What the exercise asks:
Reproduce the records below exactly, leaving their images out.

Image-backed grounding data
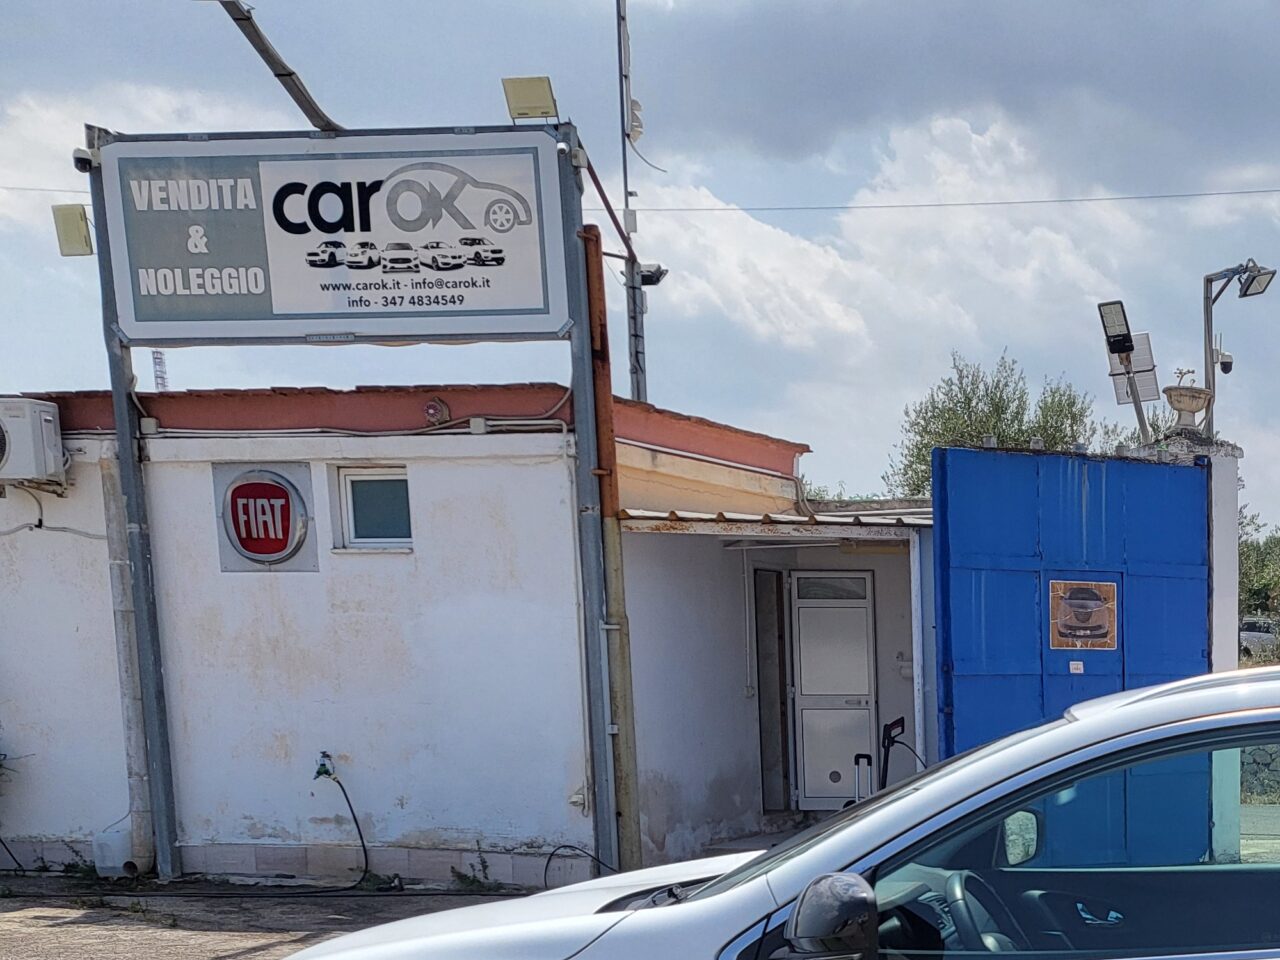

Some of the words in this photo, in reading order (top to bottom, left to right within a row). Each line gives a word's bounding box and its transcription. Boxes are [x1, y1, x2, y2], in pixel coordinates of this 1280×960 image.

[129, 178, 257, 211] VENDITA
[187, 224, 209, 254] &
[138, 266, 266, 296] NOLEGGIO
[319, 278, 401, 292] www.carok.it
[410, 276, 491, 291] info@carok.it
[347, 296, 371, 308] info
[381, 295, 405, 308] 347
[408, 294, 465, 307] 4834549
[236, 497, 286, 540] FIAT

Result of this task:
Some of the words in this photo, in reading order (top to bottom, left to right within a row). Each line gives a word's bounding box and its transcription. Boxes are [x1, y1, x2, y2], in pixel coordinates of this 1280×960 image.

[129, 178, 257, 211] VENDITA
[187, 224, 209, 254] &
[138, 266, 266, 296] NOLEGGIO
[319, 278, 401, 292] www.carok.it
[410, 276, 491, 291] info@carok.it
[347, 296, 371, 308] info
[381, 295, 405, 308] 347
[408, 294, 465, 307] 4834549
[236, 497, 286, 540] FIAT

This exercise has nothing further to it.